▶ _TASK PROMPT_: In your copy, include every line of the listing below exactly but none of the pictures.

--- DATA TO USE Enclosed Below ---

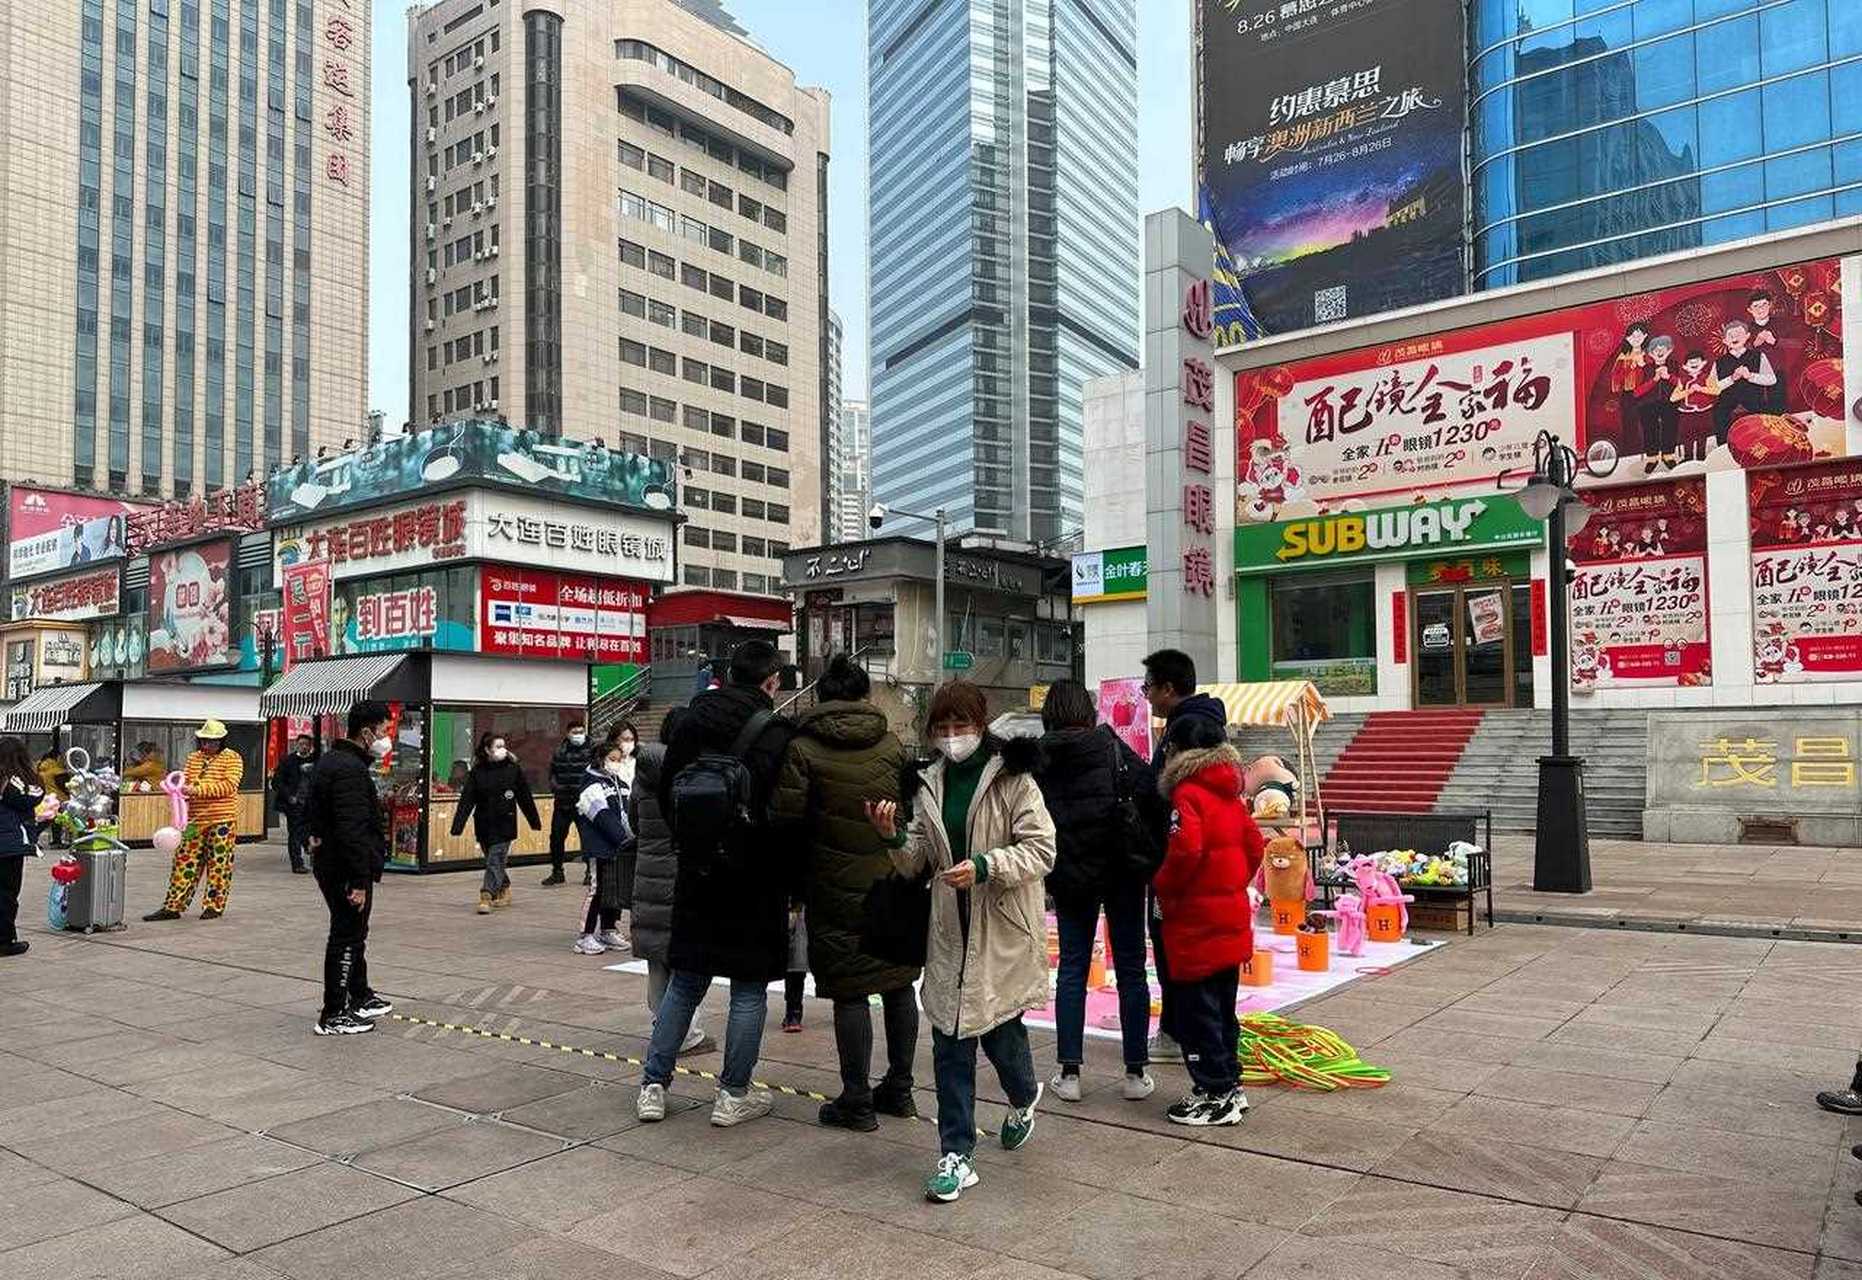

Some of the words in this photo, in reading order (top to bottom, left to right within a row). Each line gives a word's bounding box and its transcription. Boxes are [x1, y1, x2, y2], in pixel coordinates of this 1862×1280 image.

[1237, 10, 1276, 34] 8.26
[1269, 65, 1382, 127] 约惠慕思
[1304, 356, 1551, 444] 配镜全家福
[1342, 445, 1370, 462] 全家
[1433, 421, 1489, 447] 1230
[1183, 357, 1215, 598] 茂昌眼镜
[488, 512, 667, 561] 大连百姓眼镜城
[1275, 500, 1487, 562] SUBWAY
[560, 585, 642, 607] 全场超低折扣
[1572, 567, 1700, 600] 配镜全家福
[1646, 594, 1689, 612] 1230
[357, 588, 436, 640] 到百姓
[1696, 736, 1856, 788] 茂昌
[1378, 918, 1390, 931] H
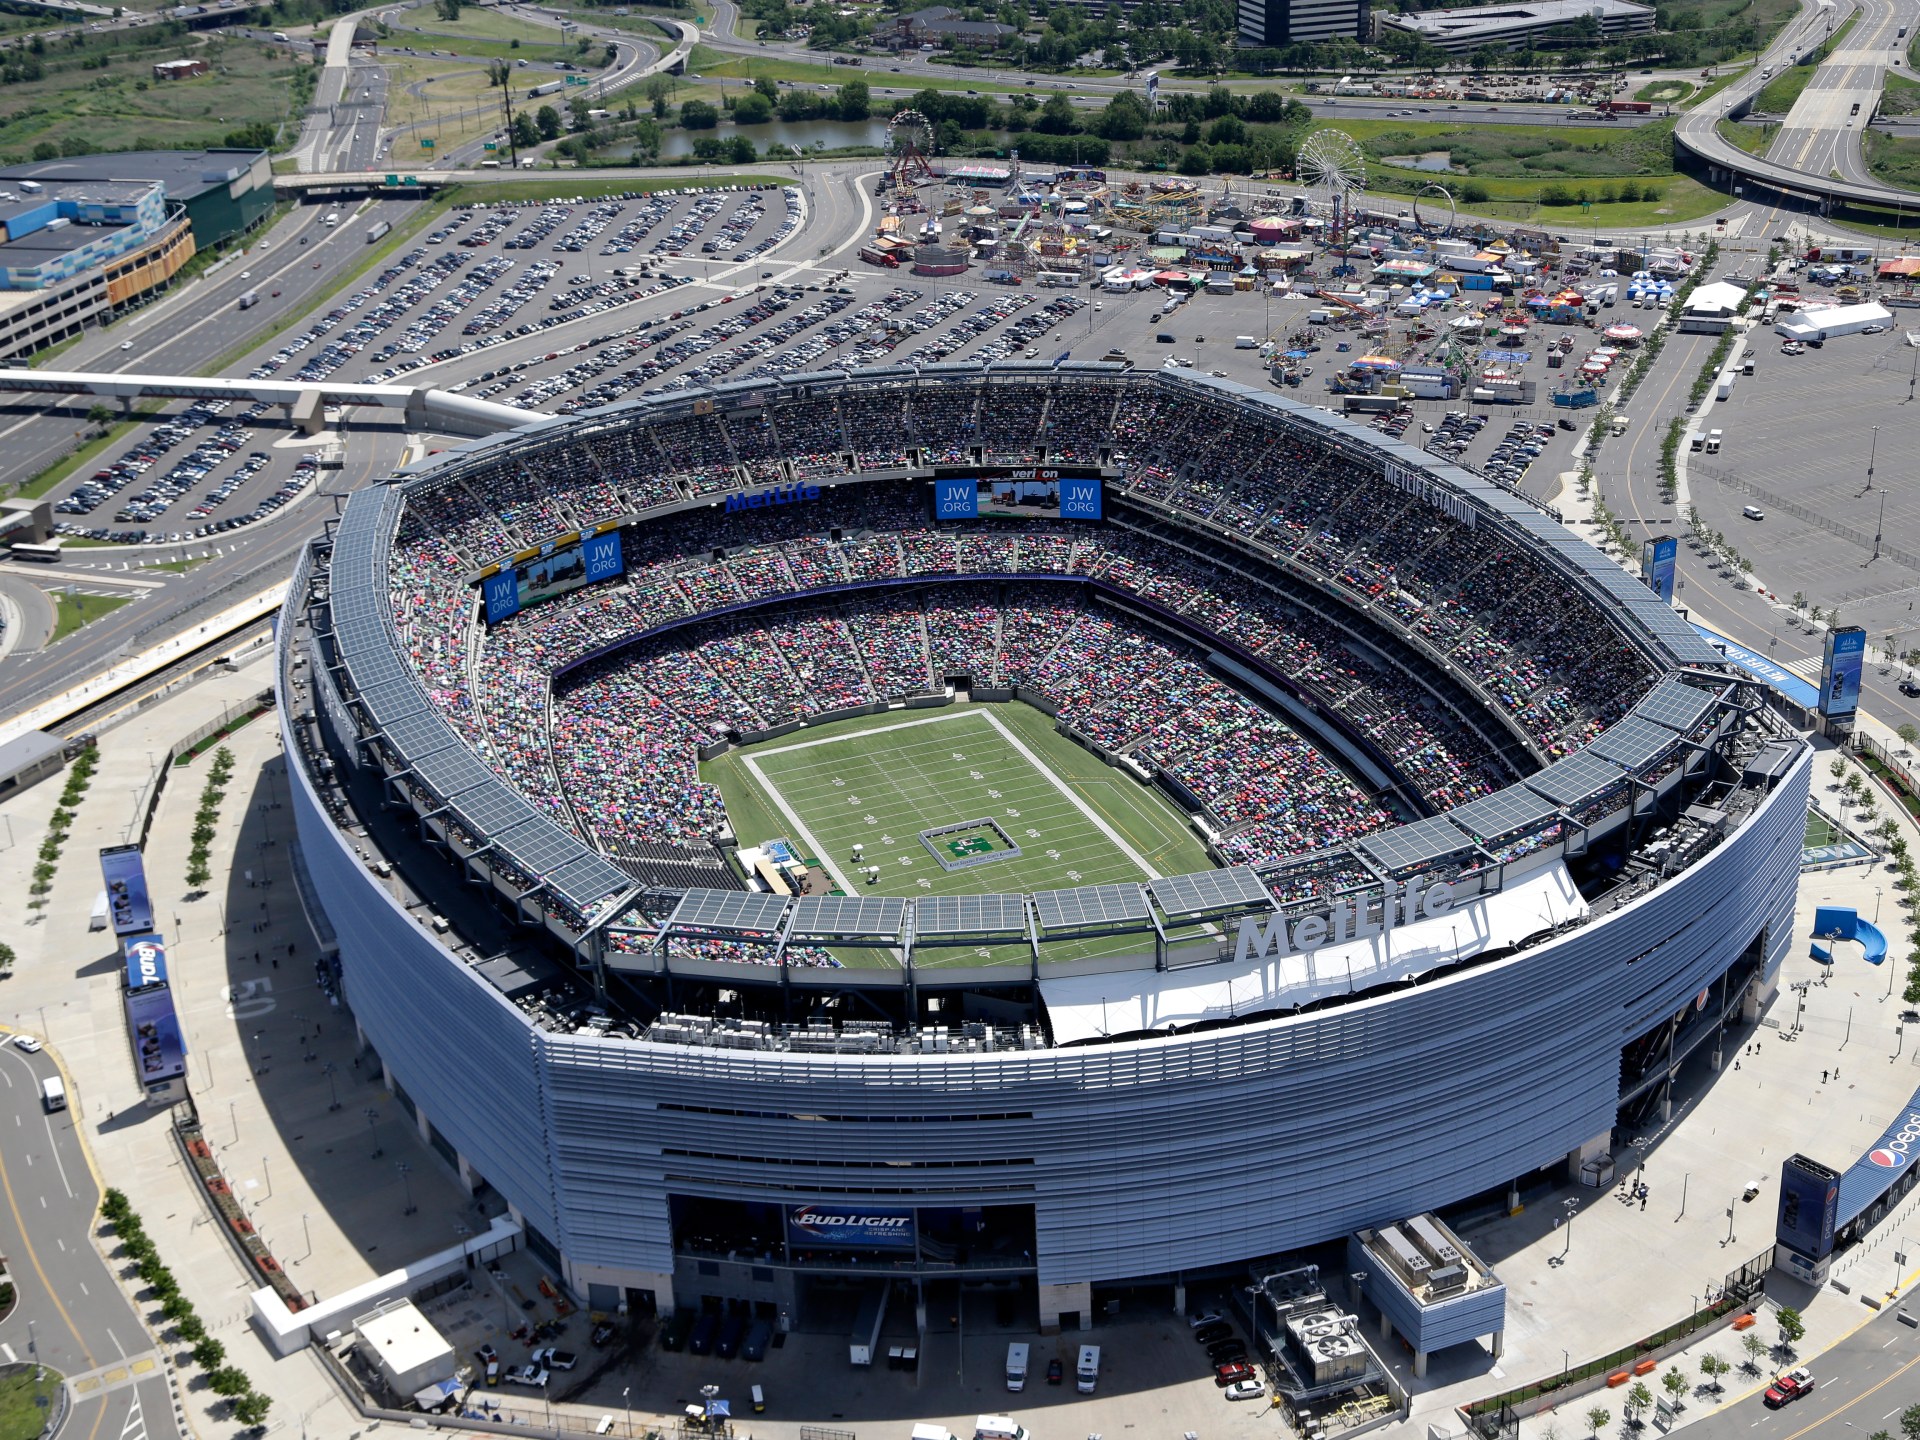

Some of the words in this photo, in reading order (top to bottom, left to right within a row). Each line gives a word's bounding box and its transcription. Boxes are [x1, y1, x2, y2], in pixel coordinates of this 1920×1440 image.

[1012, 468, 1058, 480] verizon
[725, 481, 820, 514] MetLife
[944, 486, 970, 501] JW
[1068, 487, 1094, 501] JW
[1384, 462, 1428, 502] METLIFE
[1432, 488, 1476, 530] STADIUM
[942, 502, 970, 512] .ORG
[1066, 502, 1094, 512] .ORG
[591, 542, 614, 562] JW
[590, 558, 616, 574] .ORG
[492, 580, 511, 602] JW
[492, 596, 514, 614] .ORG
[1742, 657, 1790, 682] METLIFE
[1234, 874, 1454, 964] MetLife
[800, 1214, 846, 1226] BUD
[846, 1215, 910, 1227] LIGHT
[1824, 1206, 1833, 1240] pepsi

--- End of Enclosed DATA TO USE ---

▶ _TASK SOLUTION_:
Some of the words in this photo, in reading order (top to bottom, left to right within a row). Each line gives a word's bounding box and its transcription. Boxes are [x1, y1, x2, y2], in pixel coordinates of this 1862×1280 image.

[1237, 10, 1276, 34] 8.26
[1269, 65, 1382, 127] 约惠慕思
[1304, 356, 1551, 444] 配镜全家福
[1342, 445, 1370, 462] 全家
[1433, 421, 1489, 447] 1230
[1183, 357, 1215, 598] 茂昌眼镜
[488, 512, 667, 561] 大连百姓眼镜城
[1275, 500, 1487, 562] SUBWAY
[560, 585, 642, 607] 全场超低折扣
[1572, 567, 1700, 600] 配镜全家福
[1646, 594, 1689, 612] 1230
[357, 588, 436, 640] 到百姓
[1696, 736, 1856, 788] 茂昌
[1378, 918, 1390, 931] H

Some of the words in this photo, in reading order (top to bottom, left to right within a row). Each line gives a word's bounding box and its transcription. Boxes are [x1, y1, x2, y2], in pixel coordinates of this 1920×1440 image.

[1012, 468, 1058, 480] verizon
[725, 481, 820, 514] MetLife
[944, 486, 970, 501] JW
[1068, 487, 1094, 501] JW
[1384, 462, 1428, 502] METLIFE
[1432, 488, 1476, 530] STADIUM
[942, 502, 970, 512] .ORG
[1066, 502, 1094, 512] .ORG
[591, 542, 614, 562] JW
[590, 558, 616, 574] .ORG
[492, 580, 511, 602] JW
[492, 596, 514, 614] .ORG
[1742, 657, 1790, 682] METLIFE
[1234, 874, 1454, 964] MetLife
[800, 1214, 846, 1226] BUD
[846, 1215, 910, 1227] LIGHT
[1824, 1206, 1833, 1240] pepsi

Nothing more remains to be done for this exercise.